Литмир - Электронная Библиотека
Содержание  
A
A

– А во всем виноваты наши идиотские представления о здравом смысле… Плевать я хотел на здравый смысл!… Иду к ним немедленно!

– Подожди-ка, – сказала Натали, – я сегодня закончила свою серию… А Мишетта испекла бриошь в честь слова «конец». Мишетта!

Натали отложила кисточку, выпрямилась, постучала за спиной в стенку, появилась Мишетта с бриошью и кофе. Кристо оживился… Не известно, то ли при виде бриоши, то ли в голове у него созрел новый план?

– Раз ты кончила, Натали, сделай новую серию рисунков об искусственной руке. Начинать надо с пирата Барбароссы… Как он потерял в схватке руку и как ему сделали новую… У Луиджи в книге есть картинки… И рассказать о руке Геца фон Берлихенгена… Ему кузнец в 1509 году выковал руку н скрыл в ладони механизм. А потом парижский слесарь сделал железную перчатку. А потом ты расскажешь о том, что делали в XIX веке. Можешь выдумать историю… Будто один господин идет на охоту, все равно какой господин, происходит несчастный случай, и тогда хирург-дантист из Берлина Баллиф, смастерил ему руку, совсем как живую. Первую такую руку. А кончить надо ножницами, и Андре, и электрическим протезом Луиджи. О том, как он использовал мускульную силу культи, чтобы пустить в ход электрический моторчик и привести в движение пальцы.

– Ну, ну, не будем преувеличивать! Я простой механик, ремесленник… – сурово охладил пыл мальчика Луиджи, – иногда мне удается кое-что изобрести, но прототип электрической руки был уже выполнен в 1940 году в Берлинской богадельне, и с тех пор их там делают сотнями, да и во Франции тоже. Мне хотелось бы, как вы знаете, – тут Луиджи потупил глаза и понизил голос, – сделать более совершенную электрическую руку, управляемую мозгом. Натали кашлянула.

– Ох, до чего же у меня болит рука, до чего болит! – она поднялась. – Твоя мама звонила, Кристо, ты, кажется, пообещал ей присмотреть за Малышом, все ваши куда-то уходят вечером…

– Всегда, когда что-нибудь интересное, обязательно я им нужен. Иду!

И Кристо убежал, безропотный и взбешенный, унося два куска бриоши – Малышу и себе.

Натали прошлась по комнате, заполняя всю ее мягким колыханием тела, разлетающейся одеждой. Потом сердито проговорила:

– Почему-то взрослые вечно донимают вас своими делами… Даже не интересуются, помешали вам или нет. А у Кристо исключительная память! Даты, имена… Как по-твоему? Не слишком ли о многом ты с ним говоришь, а?

Луиджи взялся за кофе.

– С Кристо никогда ничего не бывает слишком. У него предрасположение к метафизическим страхам, а я считаю, что лучше заменить эту метафизику конкретными медицинскими сведениями. Медицина поначалу действует успокоительно. Он роется в моих книгах…

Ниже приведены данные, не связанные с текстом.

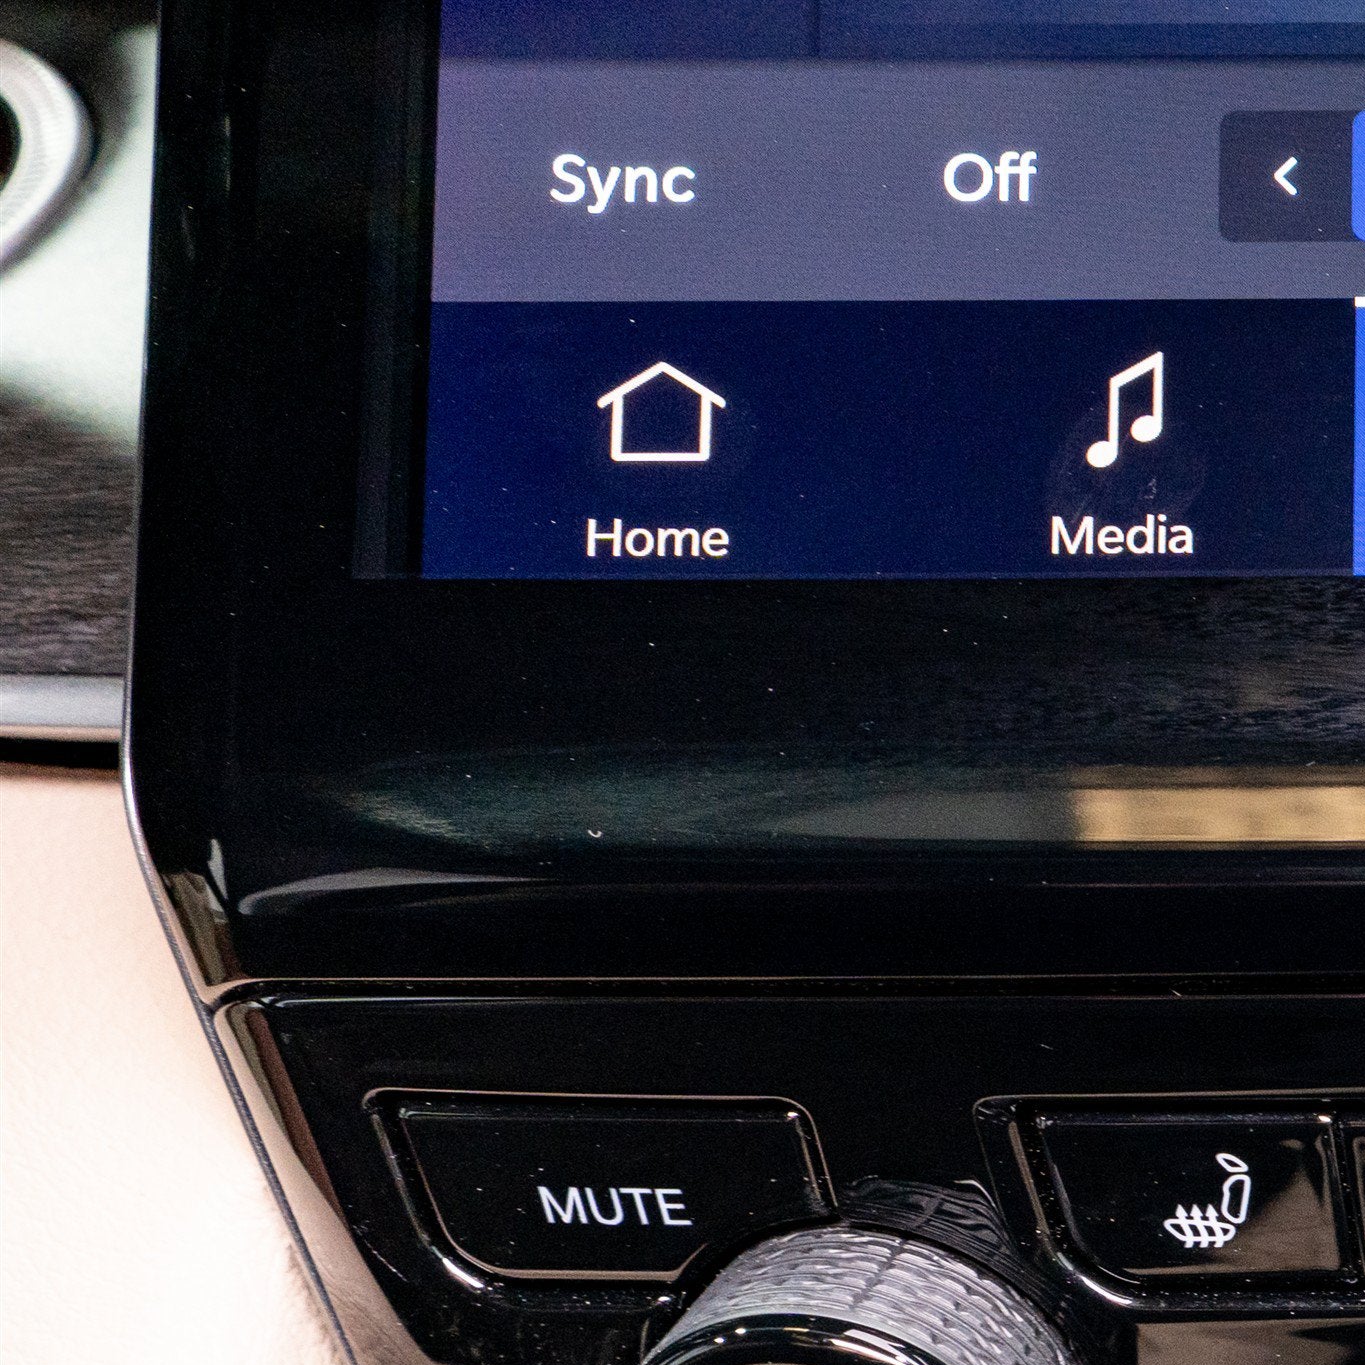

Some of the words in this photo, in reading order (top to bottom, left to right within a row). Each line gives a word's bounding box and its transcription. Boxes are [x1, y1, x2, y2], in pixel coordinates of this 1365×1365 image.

[550, 154, 695, 214] Sync
[944, 151, 1036, 202] Off
[587, 518, 729, 557] Home
[1052, 514, 1193, 554] Media
[538, 1186, 692, 1225] MUTE

– Такая уж у него привычка. Когда он жил у нас, он читал подряд все, что попадалось под руку: и Александра Дюма, и поваренные книги…

– Ну, если только поваренные, это еще полбеды. А вот вчера он меня спросил: что такое деперсонализация?

– А что это такое?

– Так вот… это когда человек теряет ощущение своего тела… будто тело принадлежит не ему или превратилось в труп. Поэтому-то я счел более разумным сказать Кристо, что это субъективное чувство в отношении парализованной руки или ноги, которая объективно является частью нашего тела… Это его заинтересовало, и теперь он бредит субъективностью в связи с рукой-фантомом… Таким образом я смягчил действие яда, а то он, видите ли, принялся уже рассуждать о деперсонализации.

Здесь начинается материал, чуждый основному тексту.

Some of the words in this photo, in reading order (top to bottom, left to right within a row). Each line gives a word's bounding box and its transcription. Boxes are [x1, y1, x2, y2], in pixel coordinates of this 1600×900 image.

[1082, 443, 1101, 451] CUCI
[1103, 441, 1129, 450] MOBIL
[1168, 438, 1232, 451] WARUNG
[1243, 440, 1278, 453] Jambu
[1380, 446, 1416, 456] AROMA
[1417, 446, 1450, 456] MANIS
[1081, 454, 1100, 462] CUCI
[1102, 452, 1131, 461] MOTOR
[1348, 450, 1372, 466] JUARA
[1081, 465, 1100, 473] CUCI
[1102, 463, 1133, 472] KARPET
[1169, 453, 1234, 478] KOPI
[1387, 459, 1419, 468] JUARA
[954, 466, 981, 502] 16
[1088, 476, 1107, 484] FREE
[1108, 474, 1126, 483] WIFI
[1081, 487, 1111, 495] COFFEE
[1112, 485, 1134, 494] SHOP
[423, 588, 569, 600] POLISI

– Эти нынешние дети… Со дня сотворения мира твердят: нет больше детей. Ты заметил, каким языком он говорит? Ученый, да и только. А как вырос!

Да, Луиджи заметил.

XXII. Супермужчина (2)

А когда Натали не видела Кристо, ее снова окутывал густой туман, и она даже не пыталась из него выбраться. Люди и вещи вокруг нее казались бесплотными и, как только она приближалась к ним, таяли прямо на глазах… Поэтому-то и она жила словно потерпевшая кораблекрушение, и, как ни странно это покажется, именно Дани вызвал у Натали такую вспышку гнева, что она невольно отметила этот час на циферблате своей жизни.

Супермужчина появился как-то под вечер. Он по-светски склонился перед Натали, поцеловал ей руку.

– Я вернулся в ваш дом, в эту пещеру, в вашу обитель, мадам… Оливье как-то приводил меня сюда, но я никак не мог выдумать подходящий предлог, чтобы вновь с вами увидеться. Но вот я перед вами, и я взволнован. Именно здесь, у вас, та мертвая точка, где замирает движение, конечная остановка! Эталоны всех чувств хранятся, мадам, в вашем шкафу на полках вместе с простынями. С их помощью вы без труда находите всему свою меру… У вас так хорошо…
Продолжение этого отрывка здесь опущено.